Image-backed grounding data:
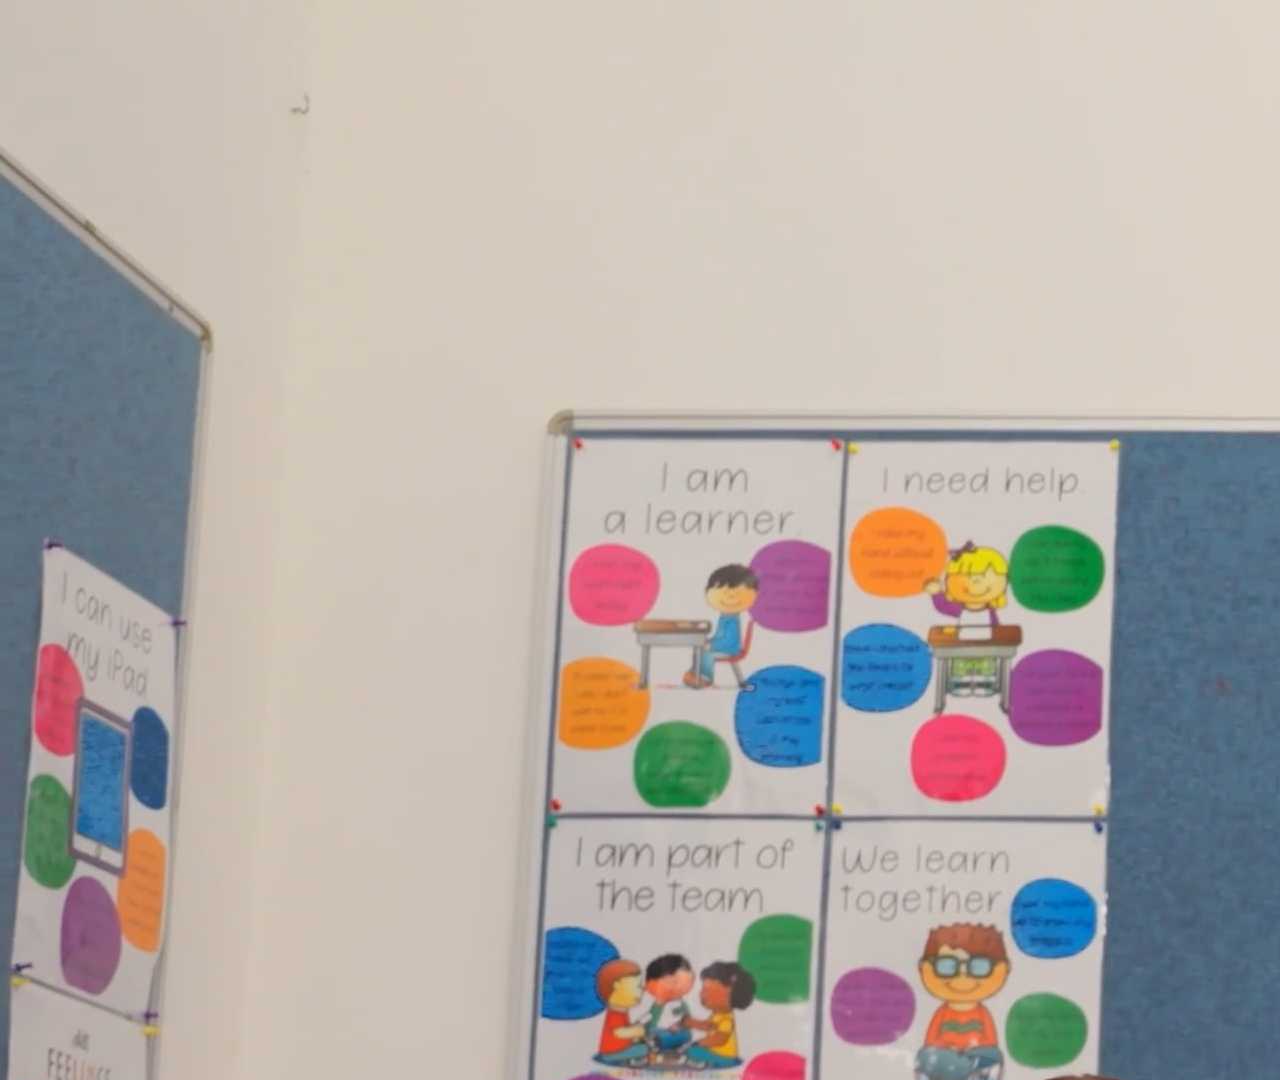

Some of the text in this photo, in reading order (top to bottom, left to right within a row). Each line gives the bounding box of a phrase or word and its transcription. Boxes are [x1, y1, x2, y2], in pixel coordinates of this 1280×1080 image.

[661, 461, 749, 494] I am
[881, 467, 1079, 502] I need help
[603, 503, 795, 535] a learner
[75, 587, 112, 630] can
[120, 616, 152, 654] use
[67, 632, 148, 696] my iPad
[575, 837, 794, 875] I am part of
[841, 844, 1010, 874] We learn
[595, 880, 764, 913] the team
[841, 883, 1001, 922] together

Task >> Set down all of the entries exactly as they stand, without any image.

Answer to this exercise >>
Some of the text in this photo, in reading order (top to bottom, left to right within a row). Each line gives the bounding box of a phrase or word and its transcription. Boxes are [x1, y1, x2, y2], in pixel coordinates of this 1280×1080 image.

[661, 461, 749, 494] I am
[881, 467, 1079, 502] I need help
[603, 503, 795, 535] a learner
[75, 587, 112, 630] can
[120, 616, 152, 654] use
[67, 632, 148, 696] my iPad
[575, 837, 794, 875] I am part of
[841, 844, 1010, 874] We learn
[595, 880, 764, 913] the team
[841, 883, 1001, 922] together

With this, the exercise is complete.